### Work required:
Pictures do not belong in the copy; quote every entry below exactly.

### Data supplied:
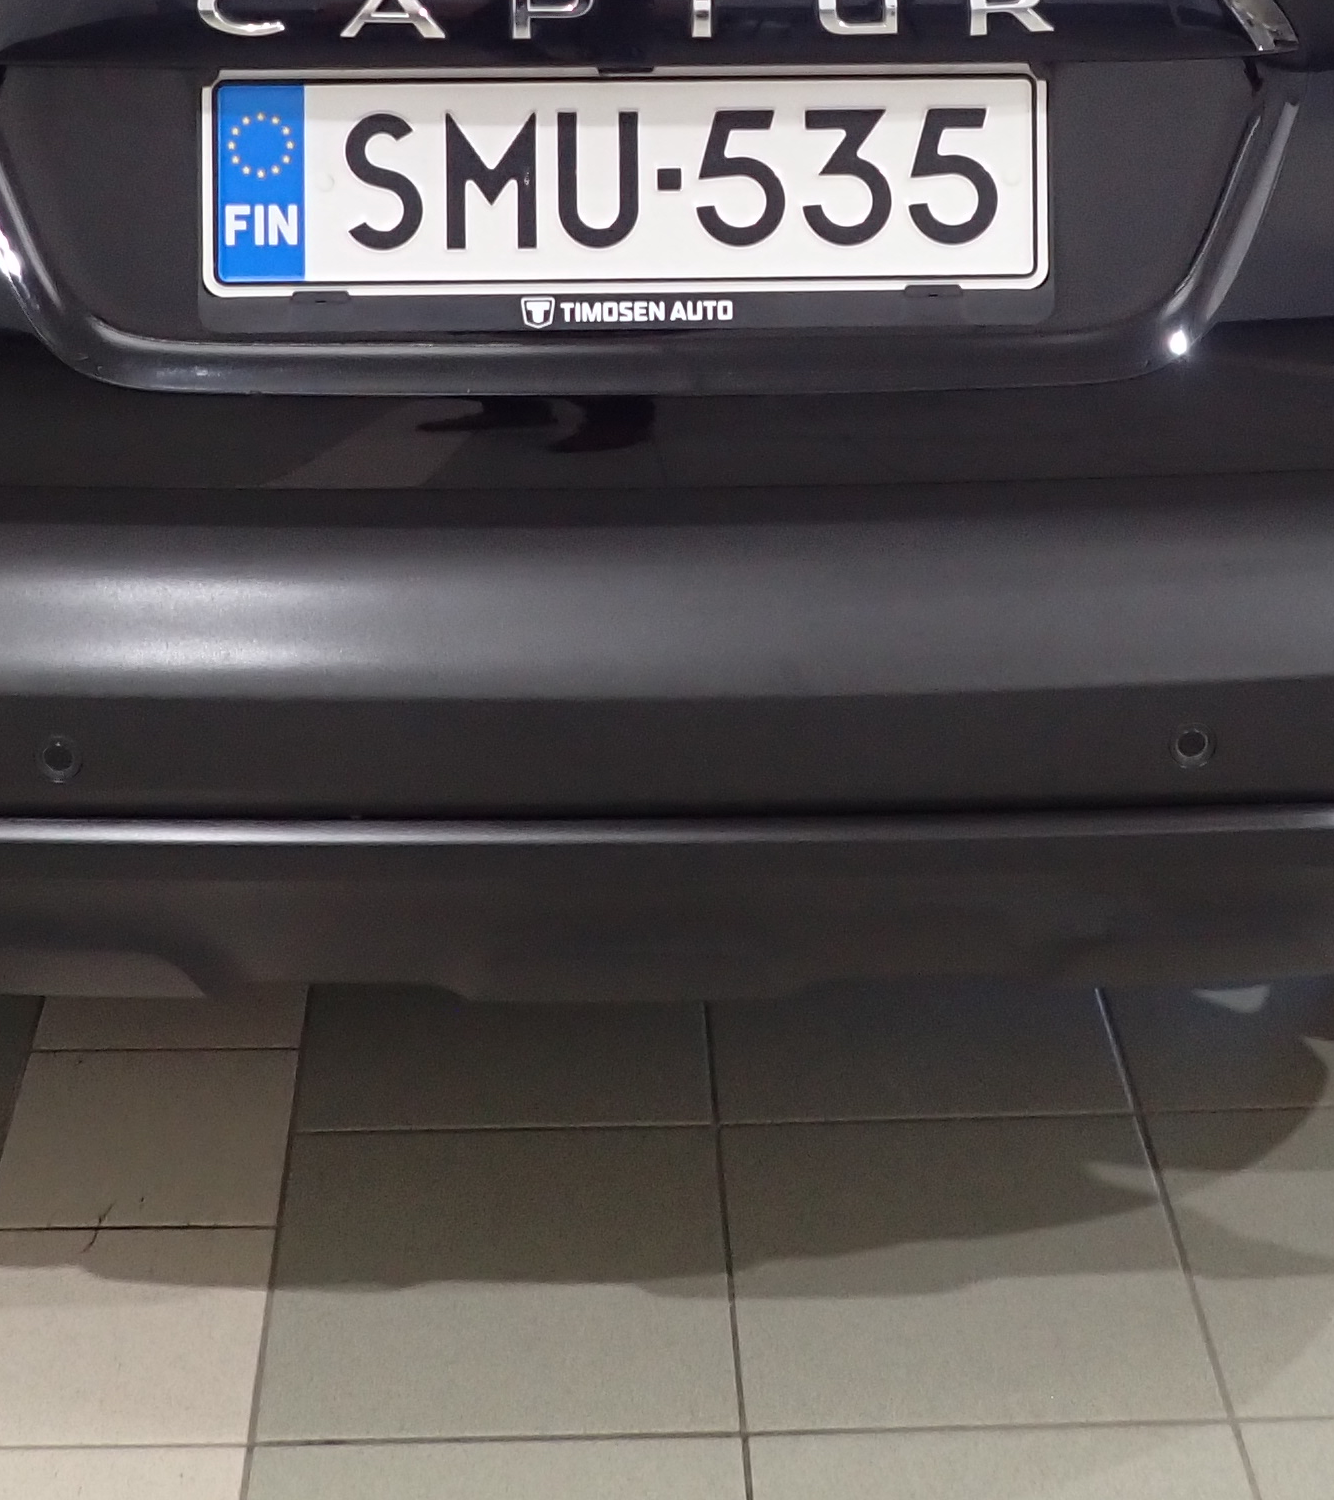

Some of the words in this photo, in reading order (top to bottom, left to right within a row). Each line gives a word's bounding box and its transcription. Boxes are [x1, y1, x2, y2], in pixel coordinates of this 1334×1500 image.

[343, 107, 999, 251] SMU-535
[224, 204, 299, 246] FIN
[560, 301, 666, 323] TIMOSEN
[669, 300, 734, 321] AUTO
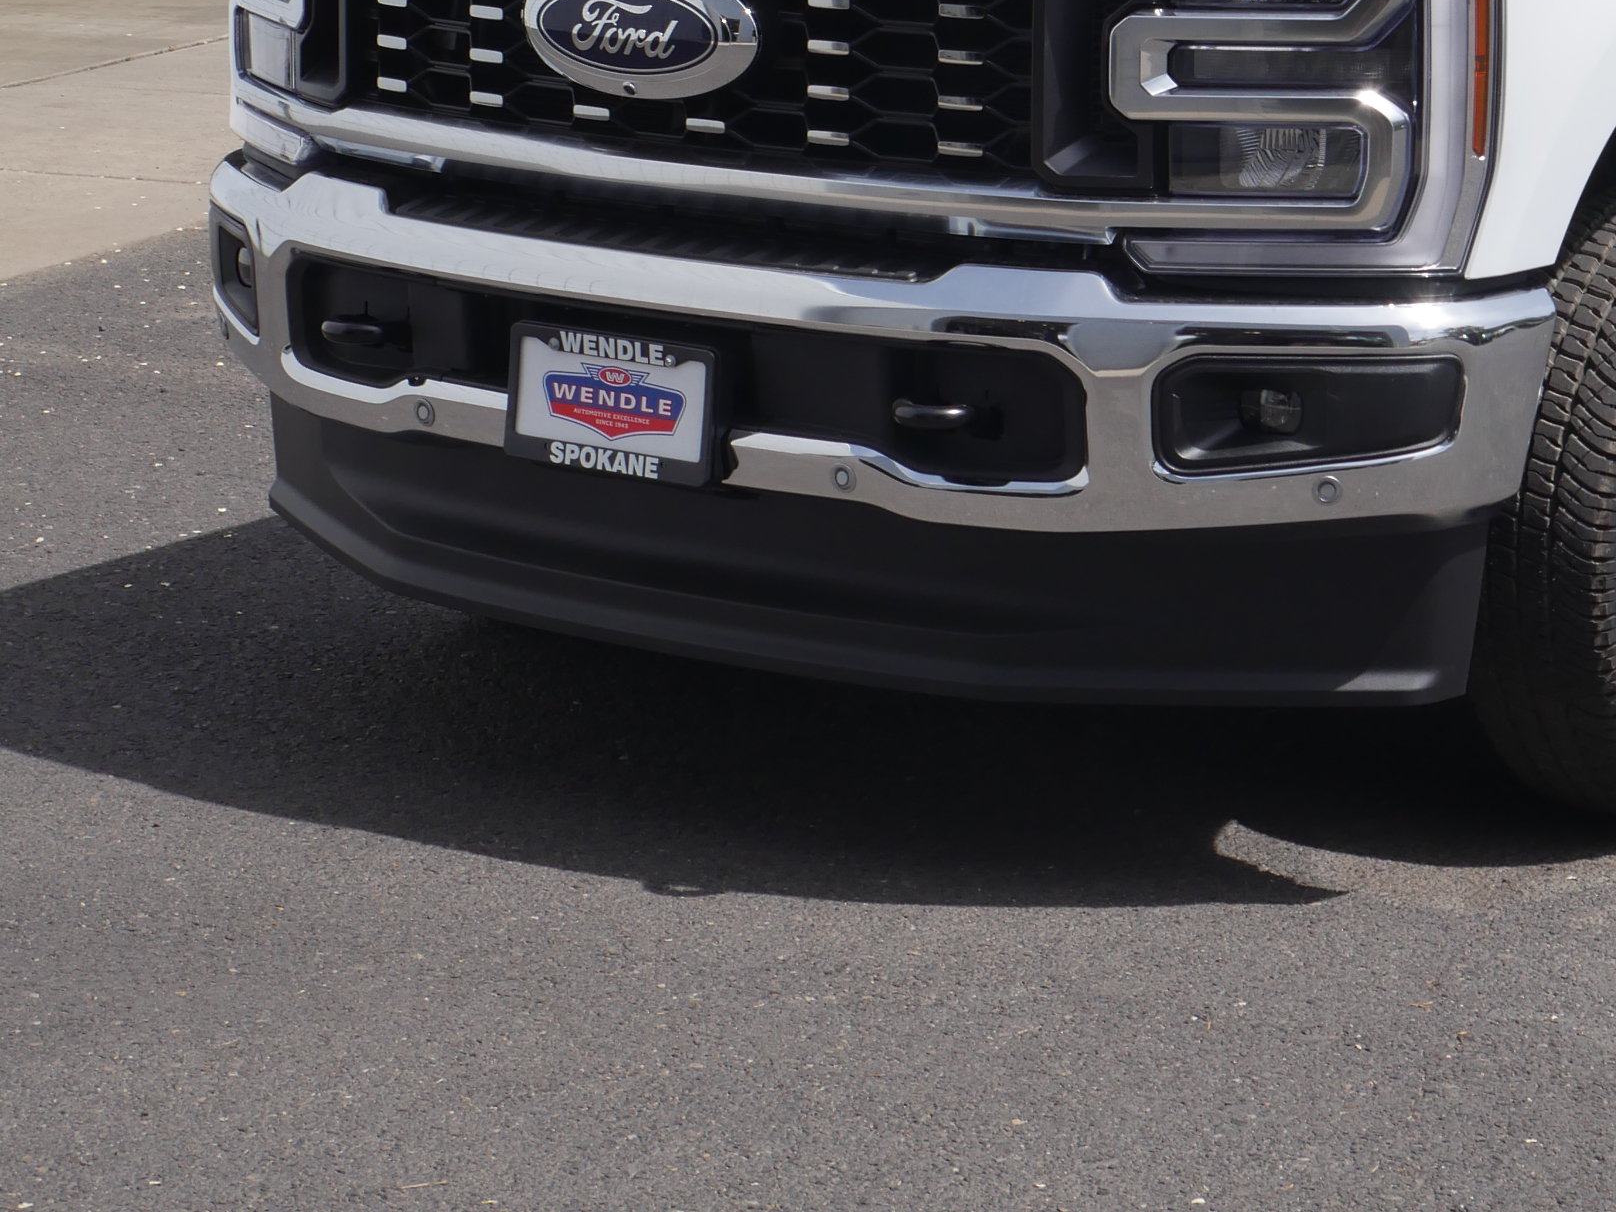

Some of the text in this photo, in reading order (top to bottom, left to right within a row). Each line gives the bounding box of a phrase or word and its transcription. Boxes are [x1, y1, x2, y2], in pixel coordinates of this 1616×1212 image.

### Response:
Some of the words in this photo, in reading order (top to bottom, left to right within a row). Each line gives a word's bounding box and its transcription. Boxes are [x1, y1, x2, y2], in pixel coordinates of this 1334×1500 image.

[343, 107, 999, 251] SMU-535
[224, 204, 299, 246] FIN
[560, 301, 666, 323] TIMOSEN
[669, 300, 734, 321] AUTO

Some of the text in this photo, in reading order (top to bottom, left to right within a row). Each line gives the bounding box of a phrase or word and its transcription. Boxes are [x1, y1, x2, y2], in pixel coordinates of this 1616×1212 image.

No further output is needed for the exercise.